One of the conceits of a well trained, heck of even a poorly trained, surgeon is the belief that his ‘hands’ are better than anyone else’s. The phrase comes out something like this “In my hands patients with disease ‘X’ always get better.” Large surgical groups are even wont to say “In our hands…”
This is the fodder of people’s ridicule of surgeons, the tone of a surgeon’s inner monologue, annoying as can be but something that conveys a very important truth. A great surgeon can literally be the difference between life and death. In the hands of a lessor surgeon things do not turn out as well. Surgery is ‘operator dependent.’ I don’t like this, you probably don’t like it, but there it is…surgery, in fact the whole of the practice of medicine is ‘operator dependent.’ We can either ignore this fact, too uncomfortable, or do something about it.
Well here is the shocker…the same is true of personal trainers. Whether your personal trainer is yourself or someone else you are placing your health in someones ‘hands’ and I advise you to get the best that your money can buy. Any trainer can help you get bigger biceps, ‘tighter abs’, can watch you run up and down hills and, perhaps, even motivate you. This is not enough. A good trainer can be the difference between life and death; just like a great surgeon.

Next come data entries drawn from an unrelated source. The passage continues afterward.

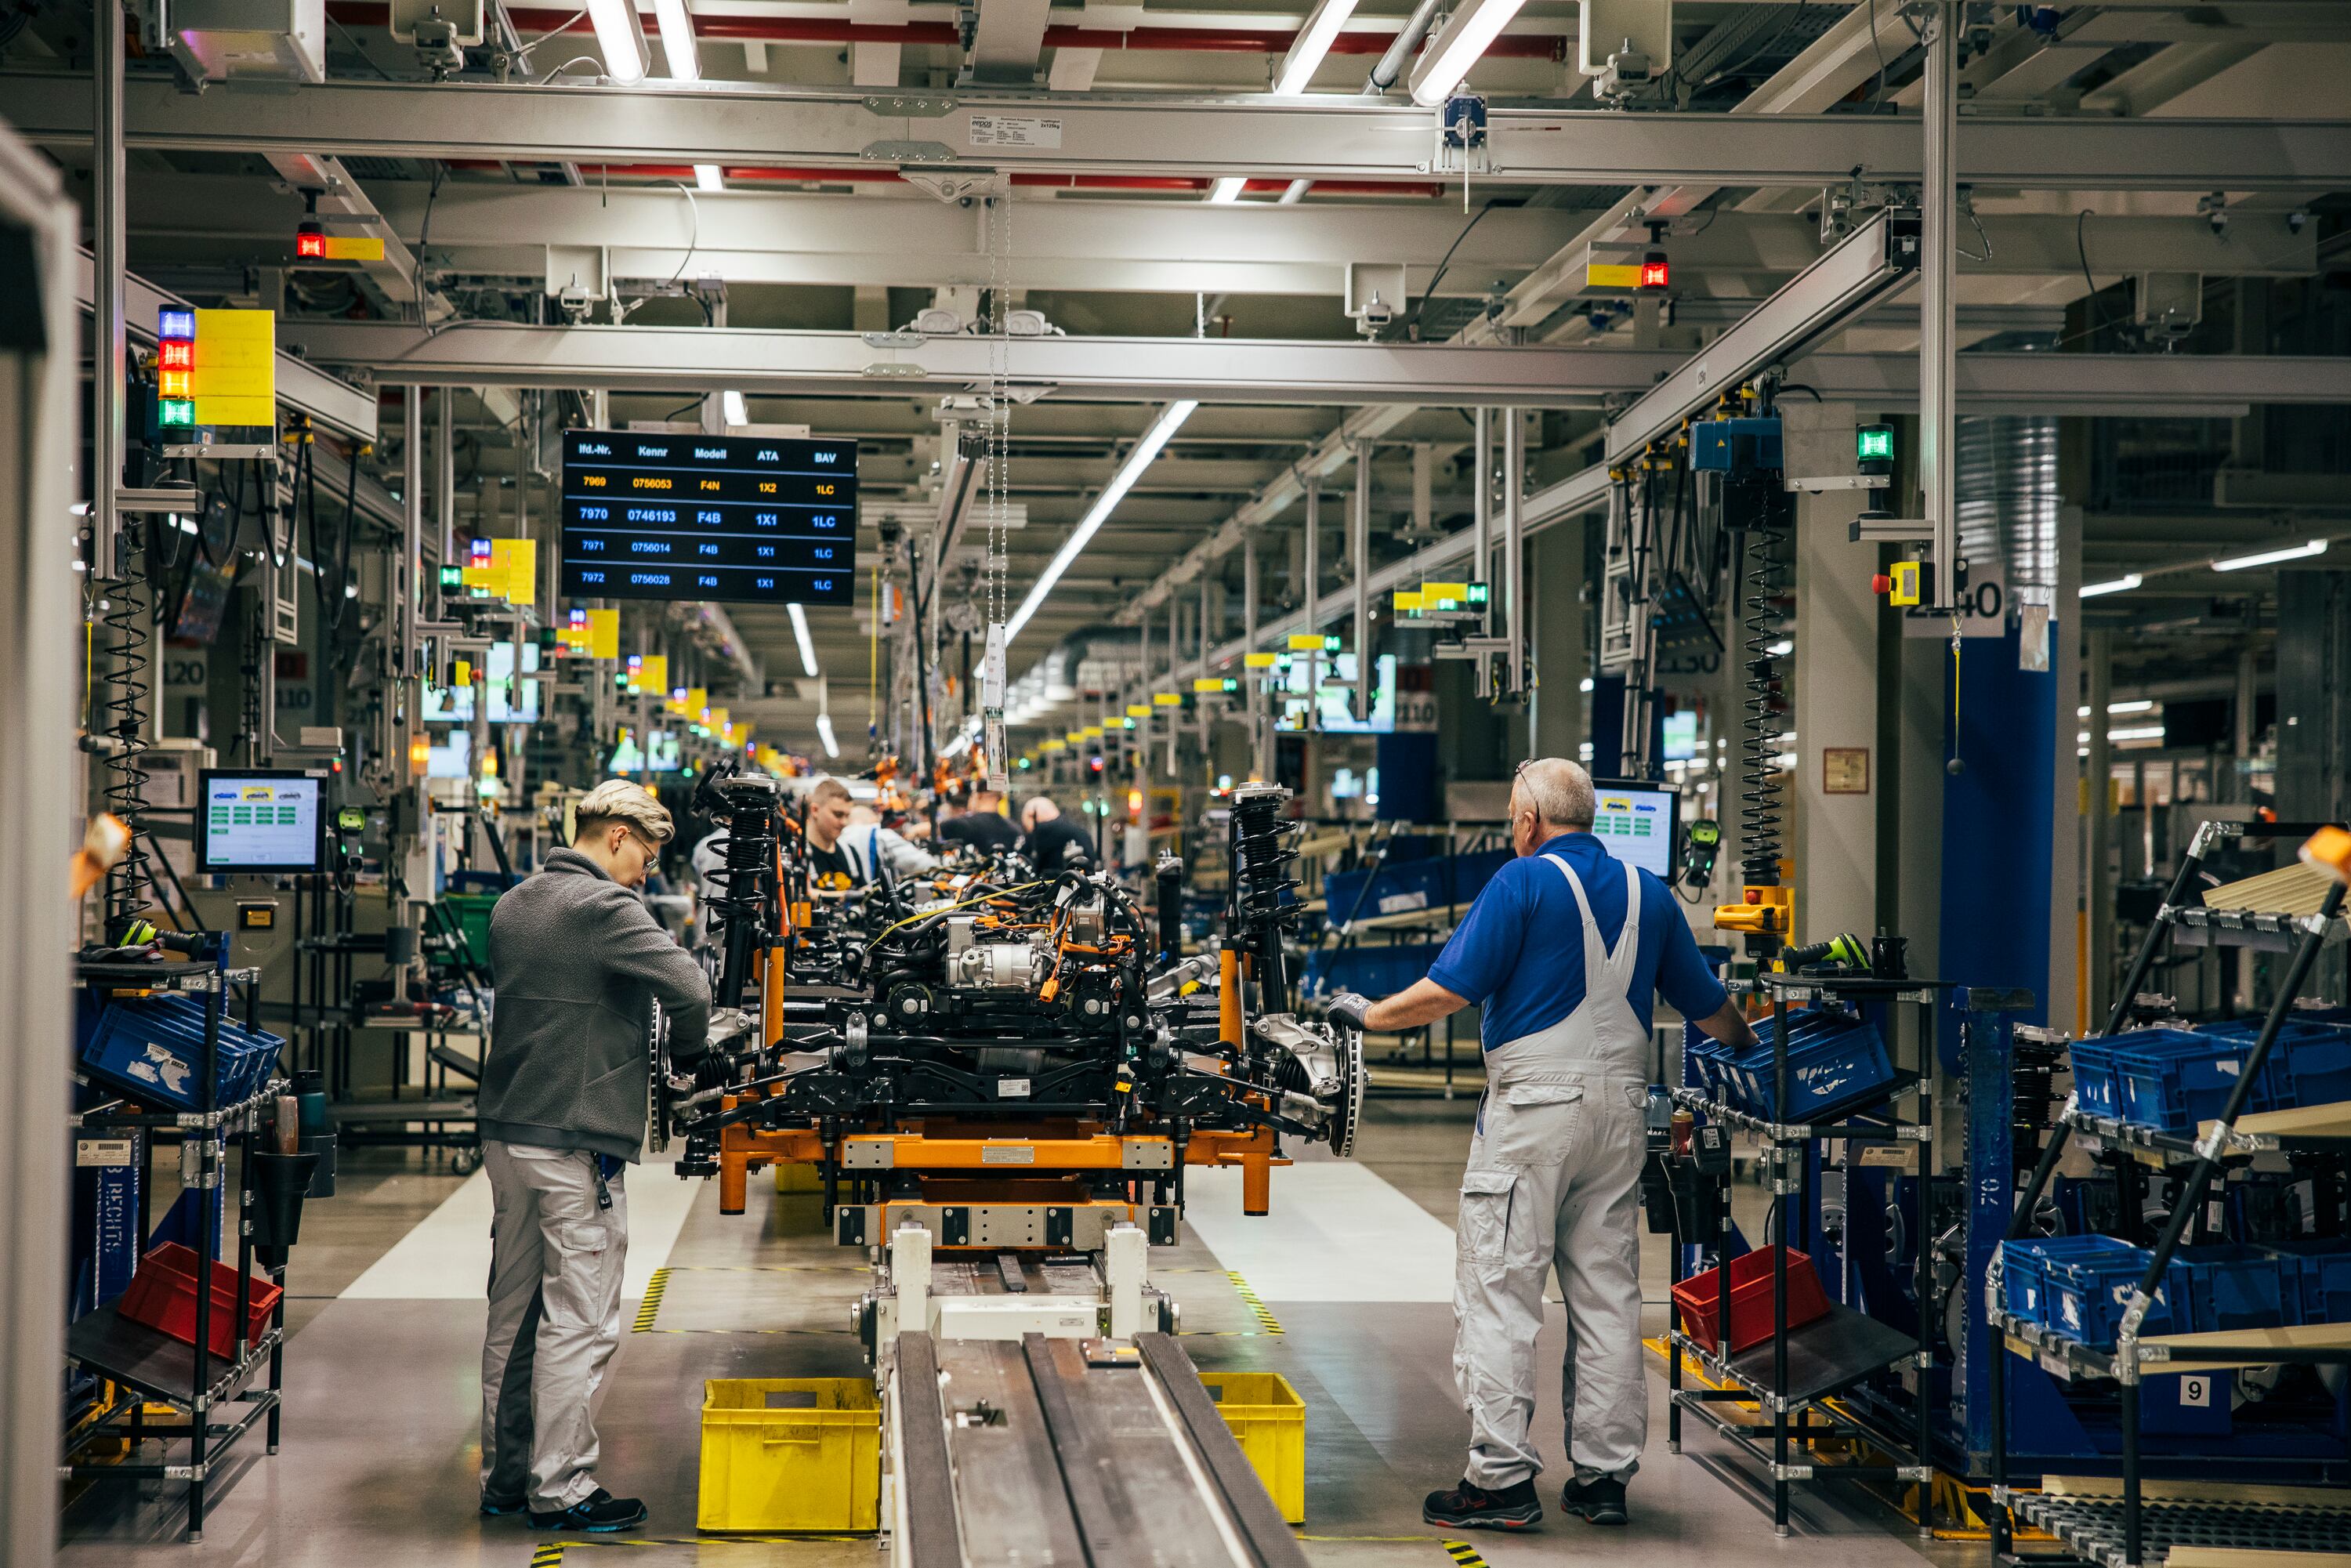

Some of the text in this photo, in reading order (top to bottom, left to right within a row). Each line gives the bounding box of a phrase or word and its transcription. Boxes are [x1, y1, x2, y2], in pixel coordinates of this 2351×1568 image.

[638, 445, 668, 458] Kennr
[694, 447, 727, 459] Modell
[756, 450, 780, 462] ATA
[813, 452, 837, 464] BAV
[583, 476, 835, 495] 7969 0756053 F4N 1X2 1LC
[579, 506, 836, 528] 7970 0746193 F4B 1X1 1LC
[581, 539, 833, 559] 7971 0756014 F4B 1X1 1LC
[581, 571, 832, 591] 7972 0756028 F4B 1X1 1LC
[1906, 581, 2002, 618] 40
[1396, 702, 1434, 722] 110
[1980, 1179, 2000, 1205] 70
[105, 1182, 124, 1253] RECHTS
[2188, 1381, 2202, 1400] 9

Given that proper exercise can reverse coronary artery disease, increase bone density and raise testosterone and growth hormone and that these variables can be the difference between life and death and that exercise poorly done can just as easily make each of these variables worse; given these things choose wisely. An average trainer may know how to make you a good power lifter but give you medial epicondylitis, or Achilles tendonitis, or over train your heart and suppress your heart rate variability. Life and death.

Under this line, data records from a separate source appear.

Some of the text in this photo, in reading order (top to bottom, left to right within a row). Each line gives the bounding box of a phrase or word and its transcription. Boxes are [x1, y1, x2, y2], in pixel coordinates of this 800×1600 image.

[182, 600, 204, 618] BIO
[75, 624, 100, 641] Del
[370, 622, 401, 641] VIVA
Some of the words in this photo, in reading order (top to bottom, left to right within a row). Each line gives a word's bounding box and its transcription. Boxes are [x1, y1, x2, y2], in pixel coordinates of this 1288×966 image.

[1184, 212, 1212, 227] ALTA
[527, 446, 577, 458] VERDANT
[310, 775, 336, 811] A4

The hallmark of a great trainer is that he understands not merely what to do but why and can explain it. A well trained body is easily a Ph.D. in knowledge. Don’t be fooled by definition, size, proportion, vascularity, peak heart rate; know that the end result is better physiological parameters that are not mere numbers but the very substance of health and performance.

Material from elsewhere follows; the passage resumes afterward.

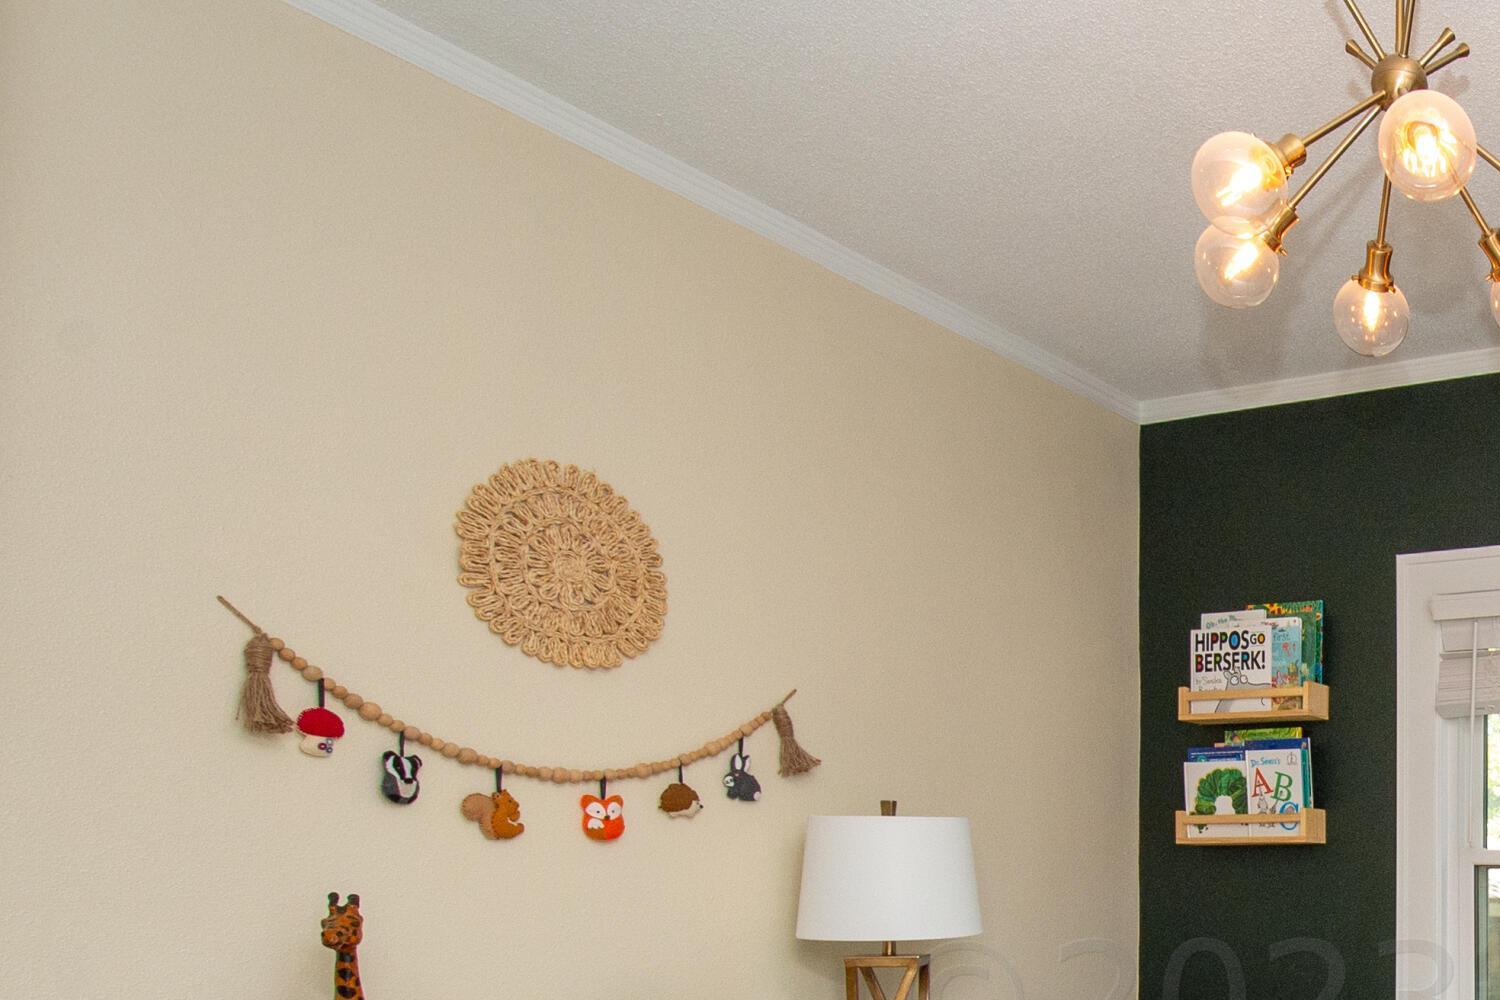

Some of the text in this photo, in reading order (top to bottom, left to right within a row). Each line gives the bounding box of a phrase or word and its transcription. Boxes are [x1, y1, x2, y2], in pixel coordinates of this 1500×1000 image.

[1195, 630, 1265, 652] HIPPOS GO
[1195, 650, 1266, 673] BERSERK!

Execution, precision, repeatability; everything quantified, analyzed and looked at from multiple perspectives. As I’ve taught elsewhere; local, regional, systemic changes are occurring so make sure they are the right ones. Heart Rate Based Training is a part of great training but even then not the whole story. There is a physiology, an aesthetics to peak performance, to becoming an athlete, which should be your goal, and the result is a thing of beauty. Even if you are old, worn out, full of aches and pains, there is a ‘beautiful’ solution to movement and training for each of us. And if you are young, you are at great peril, because any training will look better, have a fairly quick payoff but may be doing lasting harm; youth covers a multitude of sins of omission and commission.
Train smart; or at least make sure your trainer is. What is the plan, how does he expect to get there, what are the risks, the alternatives, how does he want you to train if injured or not? If the vocabulary is ‘resistance training’ and ‘aerobics training’ and poundage trumps gait and posture and form you’ve go the wrong guy. Good isn’t cheap and great is expensive; what is your life, health and sense of well-being worth?
The temptation, the ever present temptation, is to think that anything that might occur in a gym cannot be too complicated or require very much intelligence. Wrong. I’m here to tell you that nothing in med school, surgical residency, and practice life after those hurdles is anymore complex than the subtleties of great physiology and training. Choose wisely.